= Work instructions =
Below are records to repeat exactly; copy them without the pictures.

= Exercise material =

>>

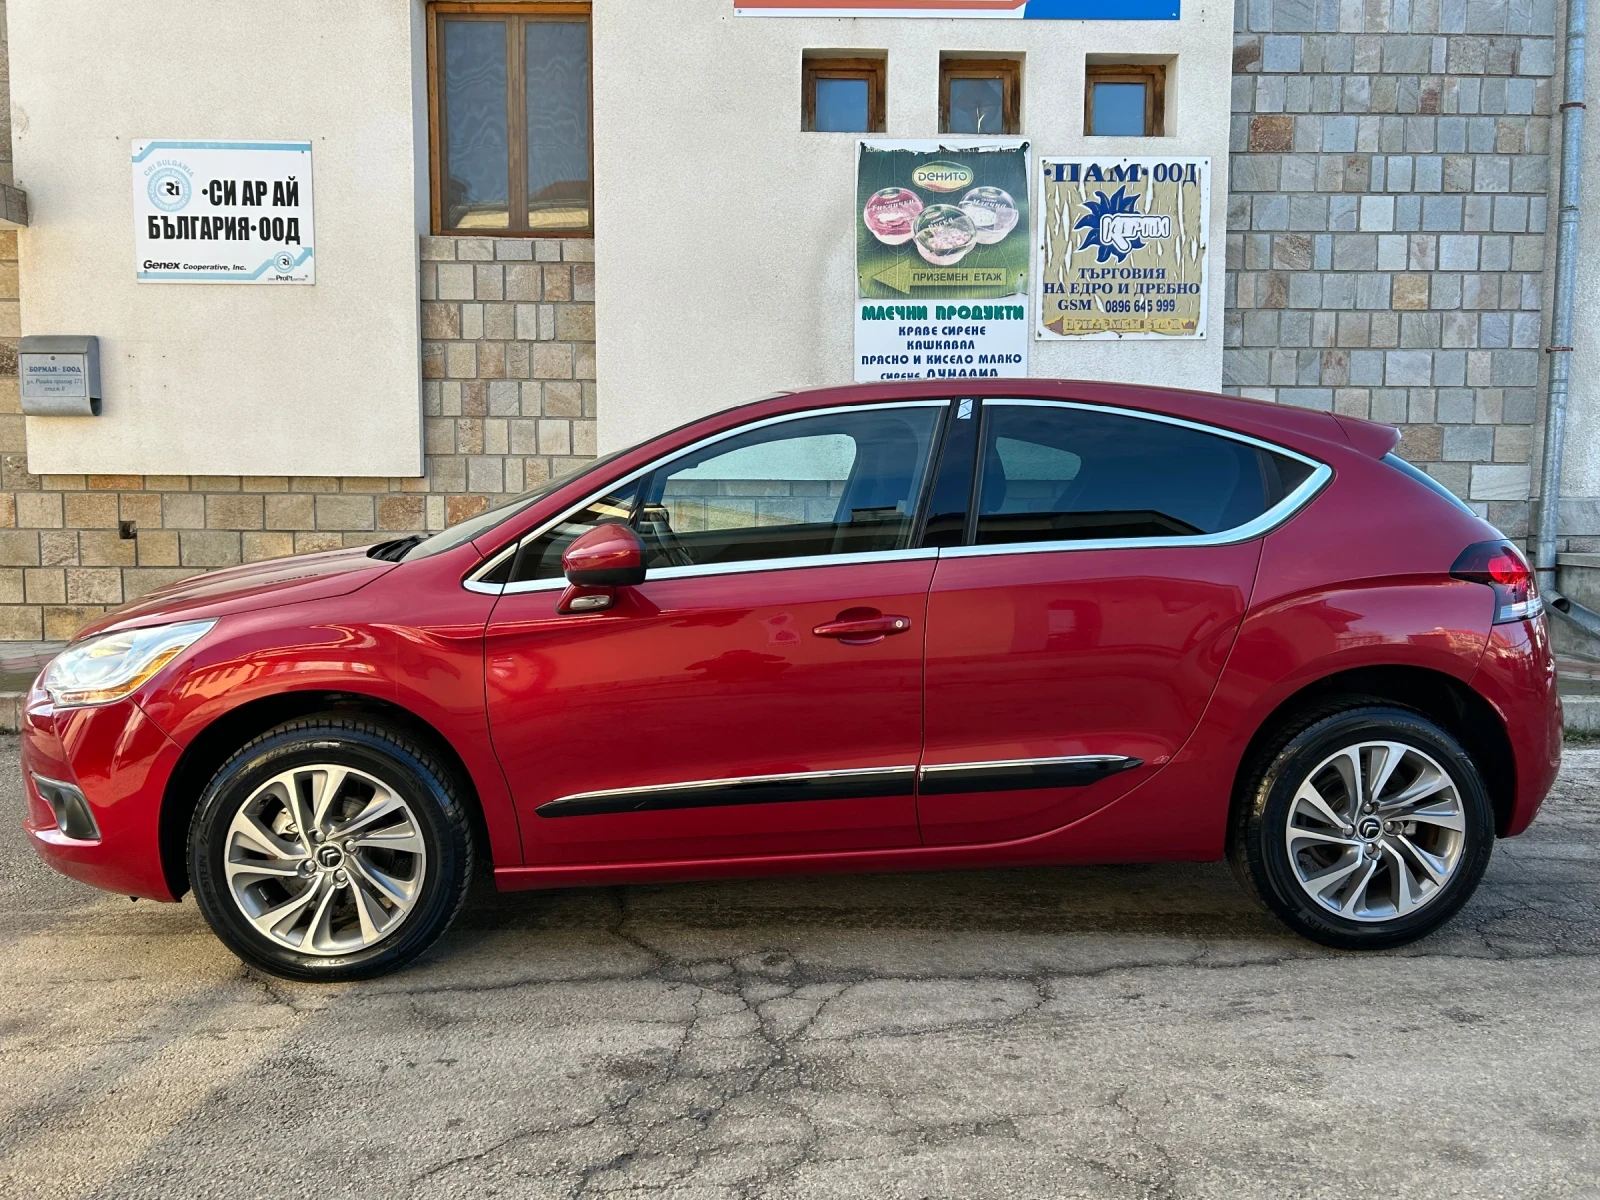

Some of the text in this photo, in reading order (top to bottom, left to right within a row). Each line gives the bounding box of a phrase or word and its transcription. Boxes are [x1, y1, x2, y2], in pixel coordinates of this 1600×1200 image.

[143, 159, 194, 177] CRI BULGARIA
[1053, 163, 1197, 187] ПАМ ООД
[209, 176, 299, 207] СИ АР АЙ
[147, 215, 301, 245] БЪЛГАРИЯ ООД
[143, 260, 181, 270] Genex
[913, 272, 1002, 281] ПРИЗЕМЕН ЕТАЖ
[1078, 268, 1166, 279] ТЪРГОВИЯ
[1044, 283, 1200, 296] НА ЕДРО И ДРЕБНО
[862, 305, 1024, 320] МЛЕЧНИ ПРОДУКТИ
[1058, 299, 1175, 313] GSM 0896 645 999
[898, 326, 986, 336] КРАВЕ СИРЕНЕ
[907, 340, 975, 350] КАШКАВАЛ
[861, 354, 1022, 365] ПРЯСНО И КИСЕЛО МЛАКО
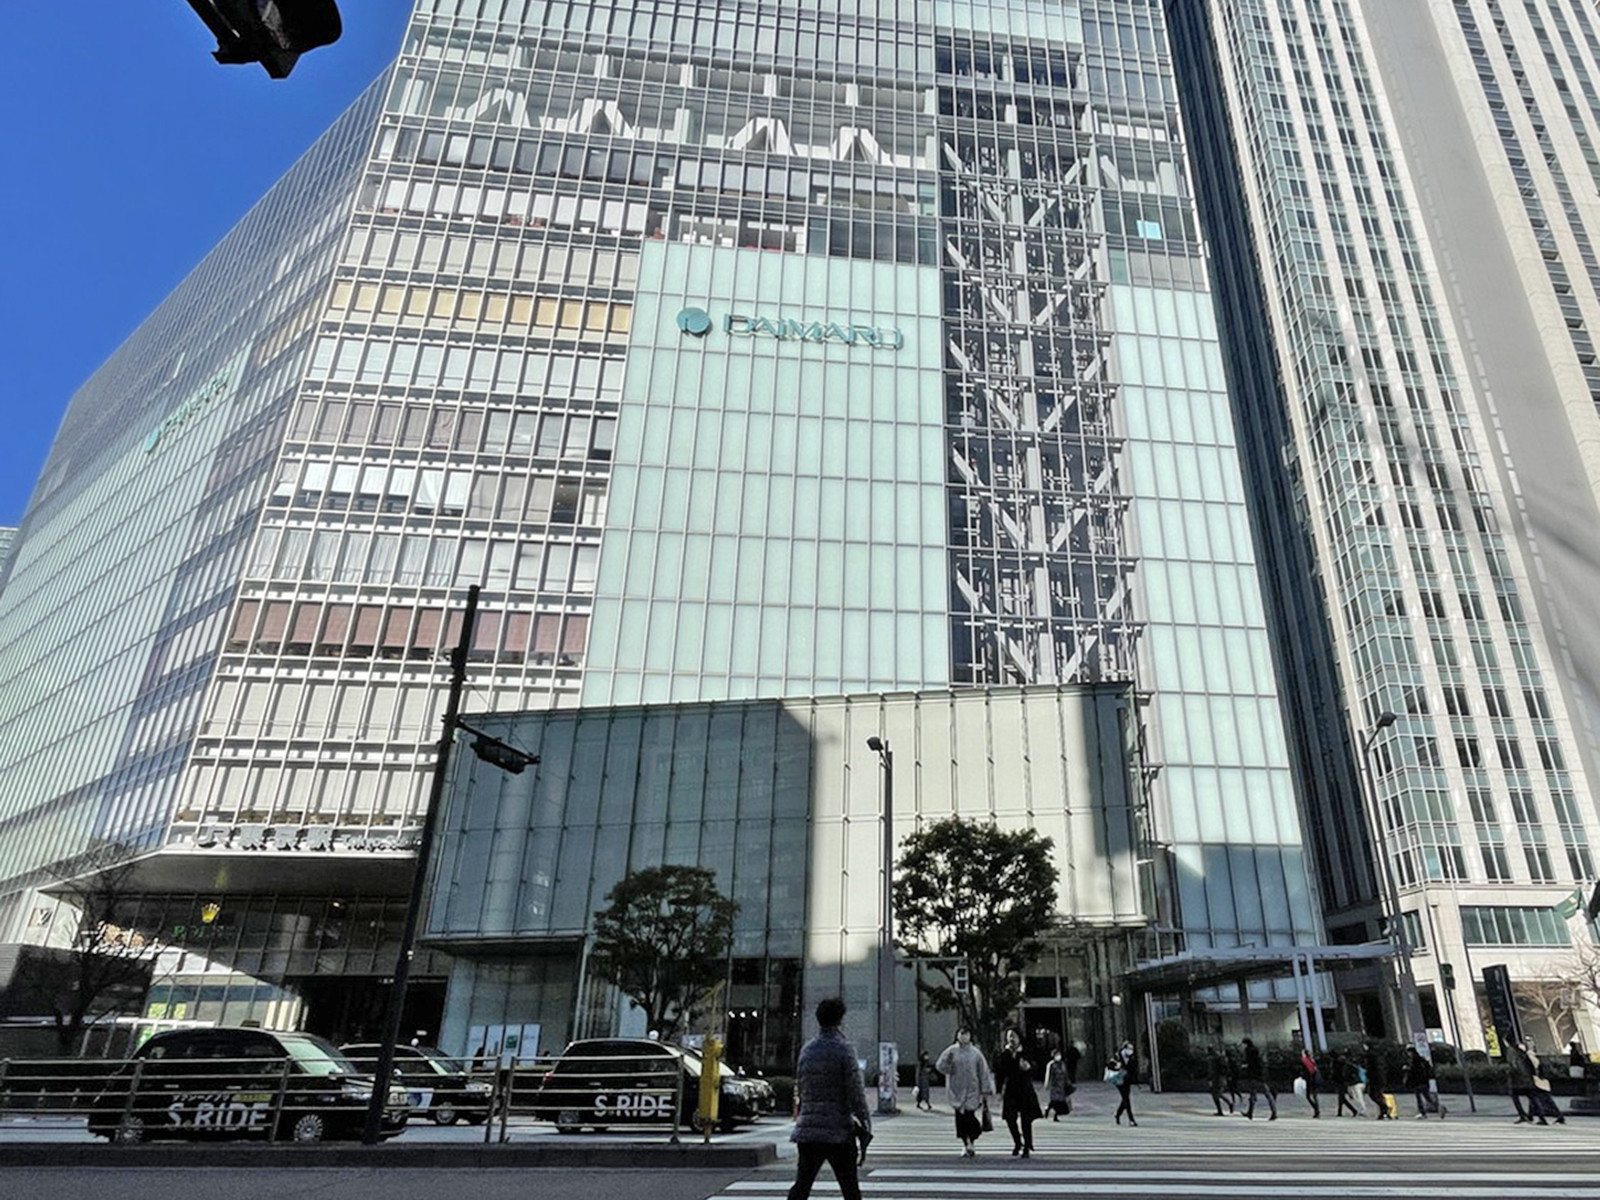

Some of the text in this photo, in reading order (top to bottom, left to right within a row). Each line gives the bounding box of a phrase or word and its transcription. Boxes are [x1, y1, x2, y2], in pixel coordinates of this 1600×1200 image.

[724, 313, 904, 351] DAIMARU
[340, 834, 381, 850] Tokyo
[167, 1102, 270, 1131] S.RIDE
[593, 1094, 672, 1117] S.RIDE
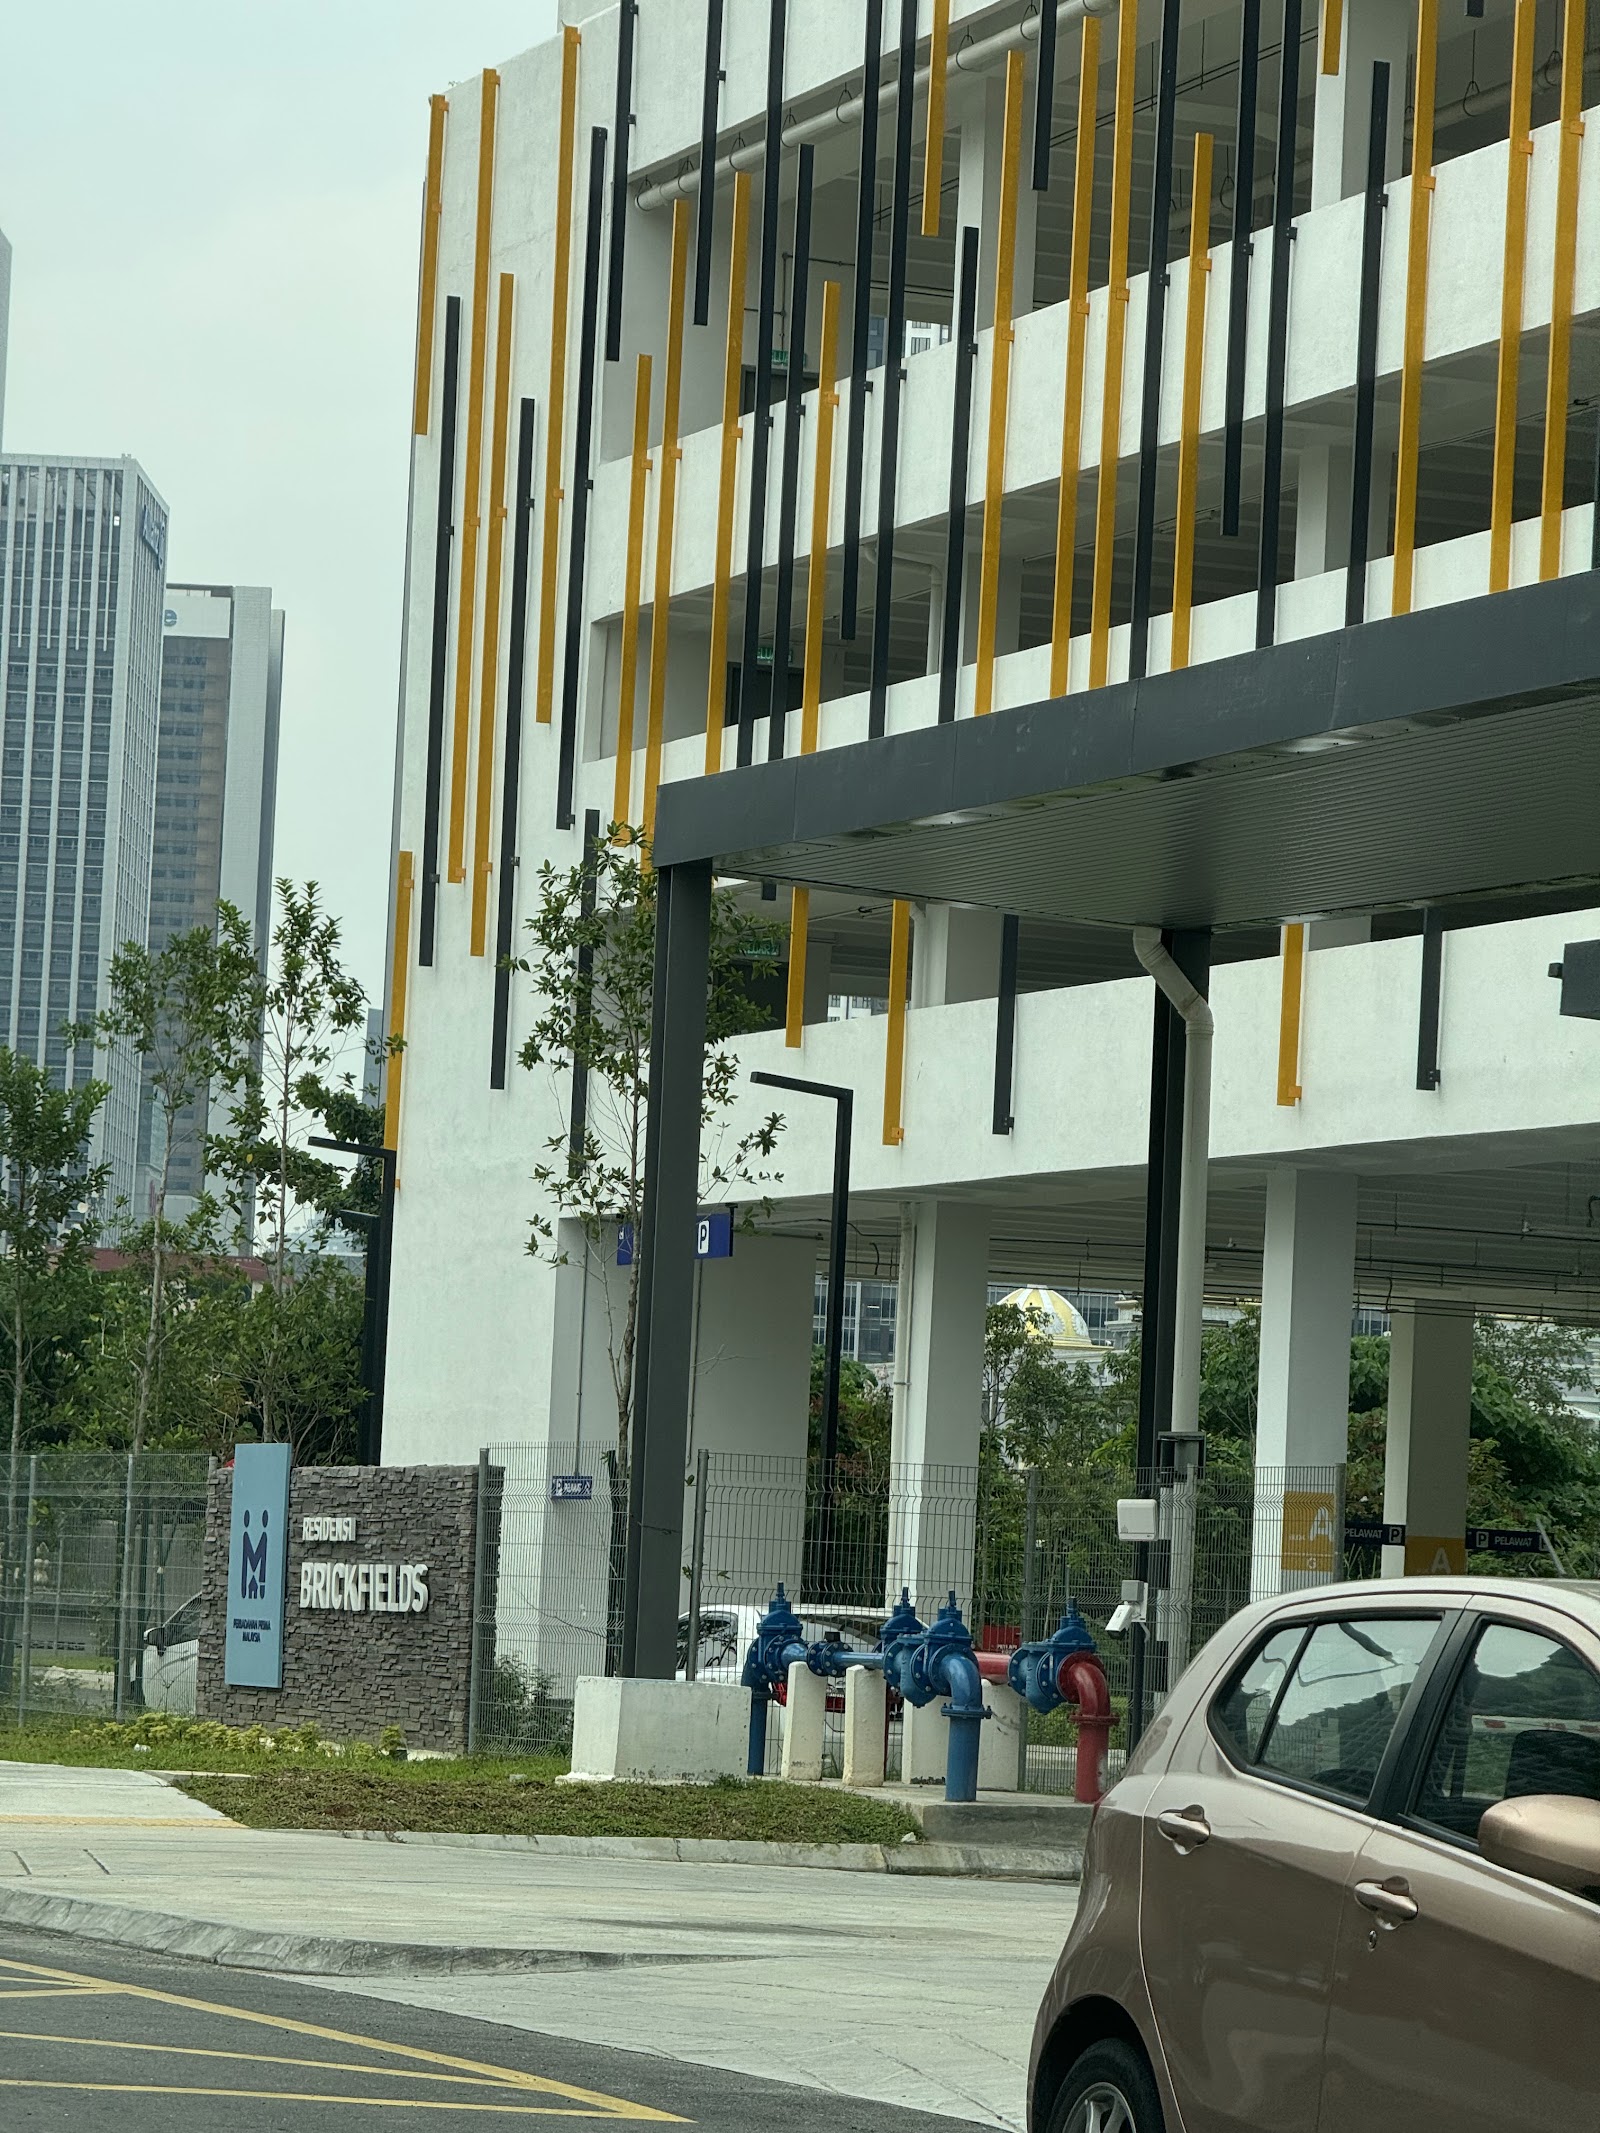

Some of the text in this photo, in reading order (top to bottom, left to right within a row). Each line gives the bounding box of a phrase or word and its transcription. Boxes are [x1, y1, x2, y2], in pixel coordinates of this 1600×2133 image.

[699, 1222, 708, 1252] P
[302, 1517, 356, 1541] RESIDENSI
[1309, 1507, 1332, 1541] A
[1344, 1527, 1401, 1542] PELAWAT P
[1477, 1532, 1487, 1546] P
[1494, 1536, 1533, 1547] PELAWAT
[1431, 1547, 1451, 1575] A
[300, 1562, 429, 1612] BRICKFIELDS

<<

= Problem solution =
Some of the text in this photo, in reading order (top to bottom, left to right within a row). Each line gives the bounding box of a phrase or word and its transcription. Boxes are [x1, y1, x2, y2], in pixel coordinates of this 1600×1200 image.

[143, 159, 194, 177] CRI BULGARIA
[1053, 163, 1197, 187] ПАМ ООД
[209, 176, 299, 207] СИ АР АЙ
[147, 215, 301, 245] БЪЛГАРИЯ ООД
[143, 260, 181, 270] Genex
[913, 272, 1002, 281] ПРИЗЕМЕН ЕТАЖ
[1078, 268, 1166, 279] ТЪРГОВИЯ
[1044, 283, 1200, 296] НА ЕДРО И ДРЕБНО
[862, 305, 1024, 320] МЛЕЧНИ ПРОДУКТИ
[1058, 299, 1175, 313] GSM 0896 645 999
[898, 326, 986, 336] КРАВЕ СИРЕНЕ
[907, 340, 975, 350] КАШКАВАЛ
[861, 354, 1022, 365] ПРЯСНО И КИСЕЛО МЛАКО

Some of the text in this photo, in reading order (top to bottom, left to right within a row). Each line gives the bounding box of a phrase or word and its transcription. Boxes are [x1, y1, x2, y2], in pixel coordinates of this 1600×1200 image.

[724, 313, 904, 351] DAIMARU
[340, 834, 381, 850] Tokyo
[167, 1102, 270, 1131] S.RIDE
[593, 1094, 672, 1117] S.RIDE

Some of the text in this photo, in reading order (top to bottom, left to right within a row). Each line gives the bounding box of a phrase or word and its transcription. Boxes are [x1, y1, x2, y2], in pixel coordinates of this 1600×2133 image.

[699, 1222, 708, 1252] P
[302, 1517, 356, 1541] RESIDENSI
[1309, 1507, 1332, 1541] A
[1344, 1527, 1401, 1542] PELAWAT P
[1477, 1532, 1487, 1546] P
[1494, 1536, 1533, 1547] PELAWAT
[1431, 1547, 1451, 1575] A
[300, 1562, 429, 1612] BRICKFIELDS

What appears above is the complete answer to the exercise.